Fast Food Goes Down a Long Way

An early Burger King restaurant

An early Burger King restaurant.  The burgers were cooked over an open flame and SO good.

When I was very young, my brother and I used to love going to Burger King. Children are easily amused, but in those days the burgers really were flame-broiled and we hadn’t heard of McDonald’s, Wendy’s, or Jack-in-the-Box. We lived in south Florida, where the original BK really was king. The most serious competition came from Royal Castle.

I don’t know why, but I remember one Burger King restaurant in particular. I have no idea of where it was, if it’s still there, or if it’s even still a Burger King. But they had a long open-flame conveyor belt and they would put the beef patties on the belt and send them down across the flames. All the kids would run down the production line (on the outside) and watch their burgers cook. The meat reached the far end of the belt, fell off onto a second belt, and came back down toward the cash register.

A worker would scoop the freshly scooped meat off the belt, put on your freshly warmed bun with all the fixins’, and wrap it up for you.

I don’t remember when Burger King stopped cooking the burgers fresh in front of you, but I do recall the change in taste. Yuck! I rarely eat BK any more. Microwaving beef patties after they have been cooked is just not fine with me.

But I occasionally stop by Wendy’s, McDonald’s, and maybe a few others (including Krystal, which opened a store in Houston last year). In fact, since my surgery, most of the fast food I’ve eaten has consisted of McDonald’s small hamburgers. On a good day I can eat all of one hamburger and maybe part of a small order ofFre– American fries.

So, I had to attend a lunch-time class at work today, and therefore slipped out of the office at 11:15 to grab a small hamburger and fries at the nearby Mickey D’s. While I stood there waiting in line for them to do whatever it is they do with the meat in the back (I get the impression it’s not freshly fried at Mickey D’s, either), the store manager came out and asked if I had been helped.

He then not-quite-berated his employees for making me and other customers stand around while they hurriedly shoved fried meat and potatoes into bags. I watched one guy pull a freshly cooked basket of potatoes out of the grease and proceed to drown them in salt.

“Why am I here?” I asked myself.

“It’s fast, the burger is small, and you’re paying less than $3.00 for the privilege of rushing back to the office with that oh-so-full post-surgery feeling.”

Frankly, I’ve stood at greasy open-fire grills that looked more palatable. Part of the problem, though, was the manager. When he wasn’t looking over his workers’ shoulders, he was sitting down interviewing someone for a job, or rushing around asking customers if they were being helped.

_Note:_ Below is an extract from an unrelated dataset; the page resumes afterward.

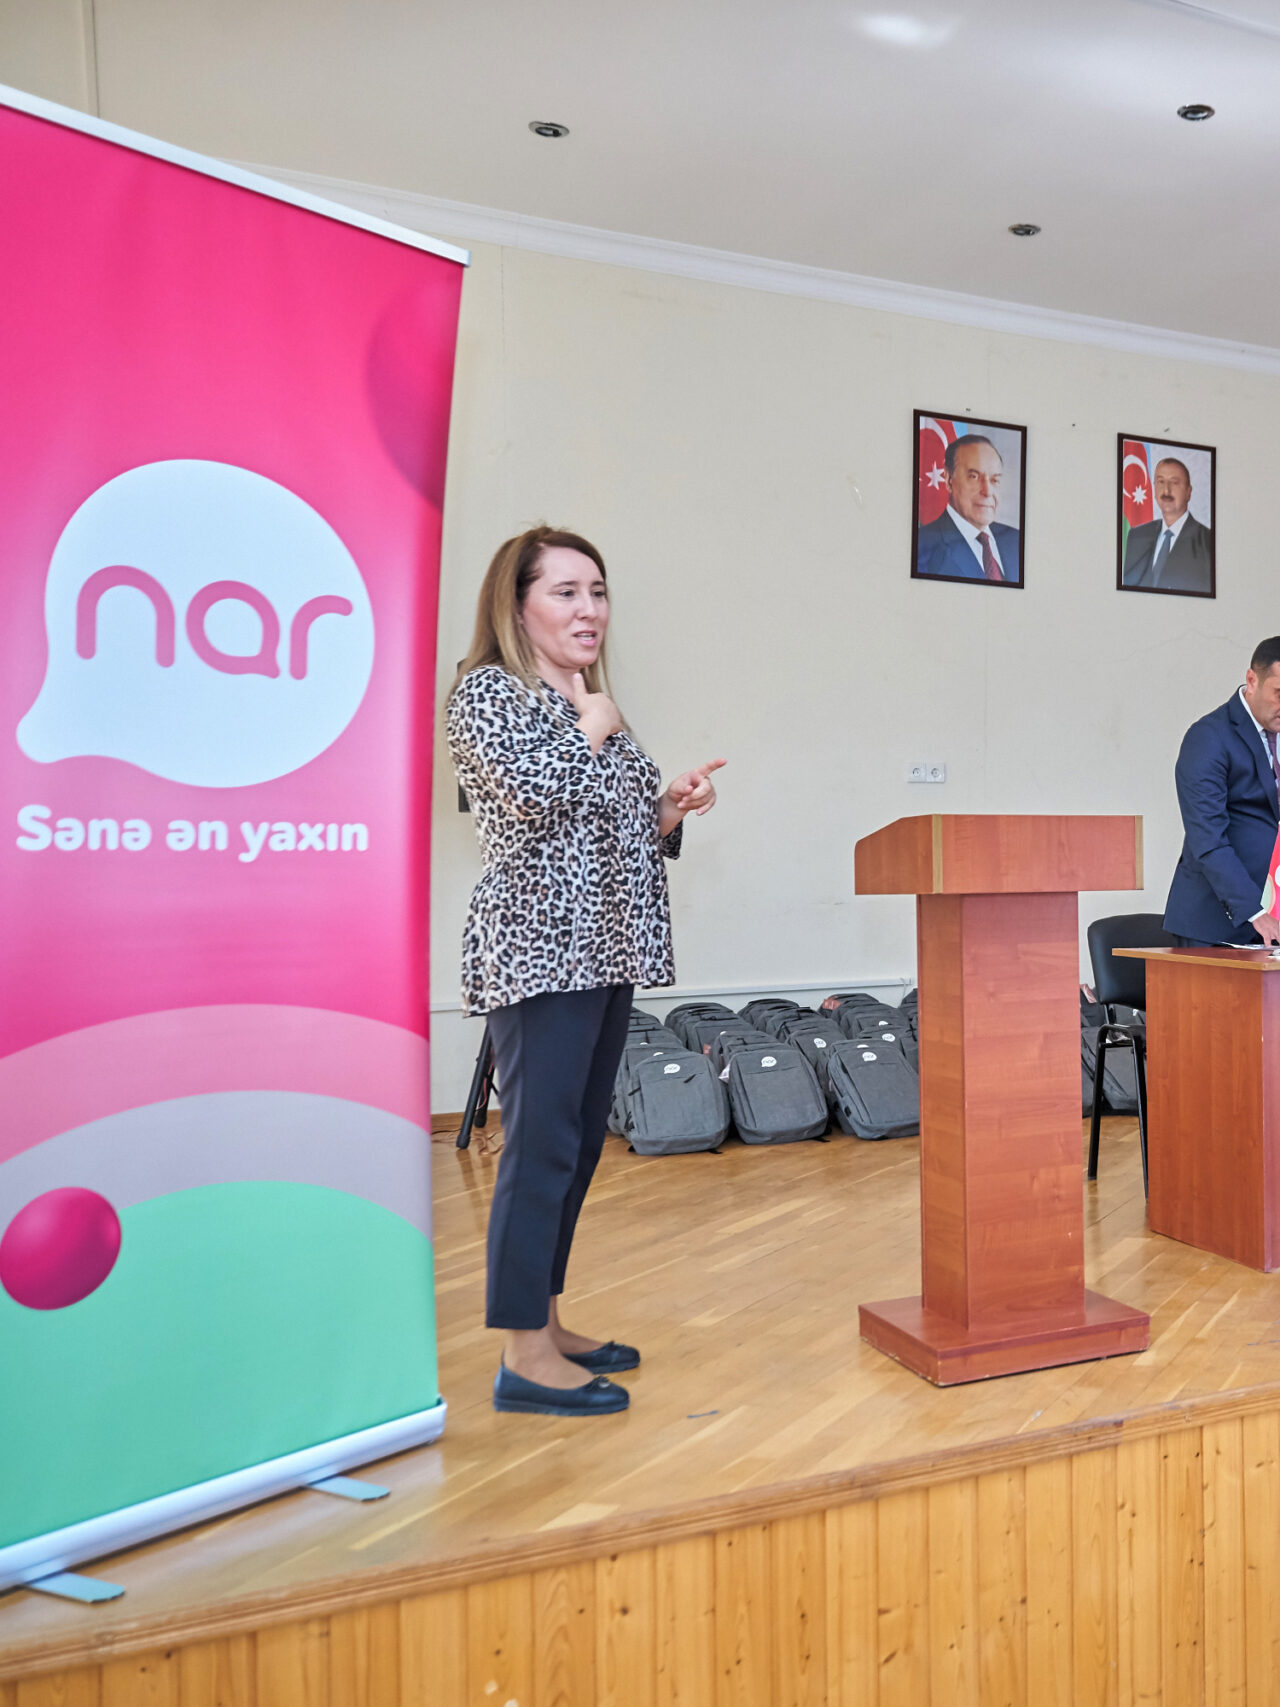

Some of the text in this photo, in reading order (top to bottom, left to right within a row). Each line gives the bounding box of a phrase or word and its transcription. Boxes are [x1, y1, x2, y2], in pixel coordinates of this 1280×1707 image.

[75, 565, 354, 681] nar
[16, 804, 369, 863] Sənə ən yaxın

High pressure fast food is more about passing quality surveys and corporate benchmark performance standards. I watched this same restaurant go through a corporate inspection only a few weeks ago. You could see how nervous the employees were. The managers on duty were walking on egg shells. The corporate office people were walking around with clipboards in their hands and conferring in hushed tones. They made extra sure to point out some of the teeniest complaints possible, aiming for that one better level of service.

McDonald’s, here’s my take on your pressure-tank process: ease up and cut your employees some slack. Sometimes, I’d rather have hot, fresh food than something that has been sitting out under a warmer light for 10 minutes.

I could go to Whataburger, except I don’t think there is one near my office and I have no idea of what I would do with all that meat. I can’t eat it all. I’d be in agony from the belly ache for a week.

I could go to Krystal, but that’s a good 10-minute drive from work and I’m not sure I could even eat their 3-burger combo (the side order of Fre– American fries is huge). I met one of the managers at the local Krystal earlier this year. He seemed like a nice, laid back guy. He watches his employees, too, but he didn’t seem to be riding the herd like a Gaucho who hasn’t been paid in six months.

There is a huge level of difference between the ambience of Houston’s lone Krystal restaurant and the high-speed BurgerNet connection you get at the local MickeyDs. I think if they were not located on every corner, most people would probably not visit Mcdonald’s very often. The food is definitely not the reason for why I go. “Here’s your salt, Mr. Martinez. There may be some potatoes with it.”

They call it “fast food” for a reason, but I think it’s gotten to be a little too fast. I miss the fun of racing down the counter, watching my patty cook over the open flame. But if I’m fortunate enough to have kids, I hope by that time someone will have figured out that they don’t need loud noise, busy managers, and plastic playgrounds just to learn how to enjoy a freshly cooked meal — even if it is fast food.

Disclaimer: No white bears were used in the making of this post.